13 October – 16 December, 2018
Shaun Fraser, Wayne Binitie, Flora Bowden, Kabir Hussain,
Theories of the Earth, offered a timely insight into the contemporary issues of climate change alongside deeper stories of the earth’s formation. Four artists ventured into the earth’s mysterious histories and geological formations to investigate our understanding of the changes to the environment. Wayne Binitie, Flora Bowden, Shaun Fraser and King’s Lynn artist, Kabir Hussain come together to explore the theory of deep time and the elemental and physical matter of the earth. Stone, peat, bronze and ice provided the ‘core material’ of the show through the use of glass and bronze sculptures, drawings, photography, cutting edge video and audio installations and jewellery, to create a fully immersive experience for the viewer. Occupying multi-sensory realms of the representational and the abstract, the exhibition spoke about the histories and futures of human inhabitation and its impact upon the earth. This narrative or ‘story’ of the earth was developed and reimagined further by the artists through their long-term engagement with environmental history – and demonstrates how art can be used to help people discover how they experience the world around them..
Equally, dismayed by the fleeting changes they have observed in different landscapes, and the frightening rate of disappearance of what seem to be enduring features, the artists aim to communicate the importance of environmental change through their subtle range of artistic images and impressions.
Wayne Binitie and Shaun Fraser formed a professional and personal friendship while studying glass at the Royal College of Art and discovered that they had both visited and been fascinated with Iceland, and its stark, magical and mysterious landscapes. Subsequently, Wayne has worked with the British Antarctic Survey, studying glacial water, recording compressed ancient air bubbles trapped in ice-cores and transforming them in sound and image.
For Shaun, growing up in the Highlands of Scotland, landscape has always featured heavily as a part of his notion of self. His work often comments upon links to landscape and connections with a wider sense of environment. By incorporating soil and natural inclusions into his sculptural works he hopes to tap into some of this disposition; the ability to evoke this sense of place.
Flora Bowden has developed a new visual vocabulary of stone from her research into geological studies taking place in the 18th century in Enlightenment Edinburgh. Her work derives inspiration from the geological discovery of ‘Deep Time’ first explored in James Hutton’s book of 1795, ‘Theory of the Earth’.
The artist says: ‘One plate in particular details the mineral formations of granite and feldspar, which present very angular, geometric forms. Hutton describes these as having a ‘typographic character’, which has been the starting point for much of my work. I am interested in the idea of a vocabulary or language of stone, and how I can develop this from Hutton’s image.’
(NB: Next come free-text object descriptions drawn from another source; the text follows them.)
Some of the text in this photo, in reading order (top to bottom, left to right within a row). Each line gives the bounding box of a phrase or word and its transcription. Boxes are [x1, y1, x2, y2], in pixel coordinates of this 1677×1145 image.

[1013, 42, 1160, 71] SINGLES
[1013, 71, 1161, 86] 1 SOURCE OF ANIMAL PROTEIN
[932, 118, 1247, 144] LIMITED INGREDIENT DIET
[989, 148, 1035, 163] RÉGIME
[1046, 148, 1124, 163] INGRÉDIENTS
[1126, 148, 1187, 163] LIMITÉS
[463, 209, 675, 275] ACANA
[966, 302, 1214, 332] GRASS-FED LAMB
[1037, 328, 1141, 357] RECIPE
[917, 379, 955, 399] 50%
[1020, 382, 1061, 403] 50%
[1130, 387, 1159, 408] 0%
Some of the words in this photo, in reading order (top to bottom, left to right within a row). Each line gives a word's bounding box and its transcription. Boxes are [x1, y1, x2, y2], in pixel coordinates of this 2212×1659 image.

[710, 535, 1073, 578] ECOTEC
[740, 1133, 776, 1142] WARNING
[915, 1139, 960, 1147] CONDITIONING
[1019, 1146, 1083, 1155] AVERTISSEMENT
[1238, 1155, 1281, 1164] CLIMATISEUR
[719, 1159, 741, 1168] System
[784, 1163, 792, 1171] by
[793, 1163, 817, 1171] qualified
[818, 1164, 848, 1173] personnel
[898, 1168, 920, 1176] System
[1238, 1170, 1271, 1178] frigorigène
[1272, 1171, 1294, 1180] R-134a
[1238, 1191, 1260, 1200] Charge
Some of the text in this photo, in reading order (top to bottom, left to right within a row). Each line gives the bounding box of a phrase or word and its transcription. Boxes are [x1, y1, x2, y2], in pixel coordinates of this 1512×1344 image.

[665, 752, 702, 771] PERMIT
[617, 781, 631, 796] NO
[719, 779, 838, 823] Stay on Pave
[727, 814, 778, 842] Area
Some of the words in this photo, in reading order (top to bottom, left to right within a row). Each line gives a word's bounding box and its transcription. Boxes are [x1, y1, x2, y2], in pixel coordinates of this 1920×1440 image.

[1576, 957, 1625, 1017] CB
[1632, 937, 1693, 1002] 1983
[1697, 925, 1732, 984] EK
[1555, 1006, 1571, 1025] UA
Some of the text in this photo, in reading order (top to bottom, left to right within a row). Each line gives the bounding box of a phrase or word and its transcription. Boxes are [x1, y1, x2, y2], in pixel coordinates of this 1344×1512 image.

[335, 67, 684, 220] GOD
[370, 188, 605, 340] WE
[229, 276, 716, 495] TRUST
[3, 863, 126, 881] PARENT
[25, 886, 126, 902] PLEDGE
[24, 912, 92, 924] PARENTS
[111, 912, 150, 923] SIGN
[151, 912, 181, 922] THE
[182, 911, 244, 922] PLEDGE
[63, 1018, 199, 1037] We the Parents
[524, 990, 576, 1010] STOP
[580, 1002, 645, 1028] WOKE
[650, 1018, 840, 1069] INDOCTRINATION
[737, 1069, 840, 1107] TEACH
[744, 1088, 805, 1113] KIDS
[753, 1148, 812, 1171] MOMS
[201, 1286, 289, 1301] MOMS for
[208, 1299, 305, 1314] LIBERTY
King’s Lynn, Suffolk and London-based artist, Kabir Hussain, exhibits bronze sculptures inspired by the landscapes of Norfolk, India and Peru . He is a different generation from the other artists, trained at Leeds and Chelsea art colleges and exhibiting nationally and internationally since the early 1980s. Originally from Pakistan, his responses to landscape are both physical and cultural and form a slow unfolding drama both of his relationships to the earth and of his perceptions of time. His delicate bronze casts of ground and landscape, some tiny enough to be held in the hand, some of which are planar and map-like, others describing dramatic or mountainous features, are evocative of the slow unfolding drama of geology, movement and environmental change. He compares the process of heating bronze as a kind of ‘speeding up of the ageing process’ and links it to the changes we are currently experiencing. His aim is modestly descriptive: to inform the viewer about what is happening and record it, but the result is tender and poetic with implications for how we might pay closer attention to the details of what we experience, and hold memories close.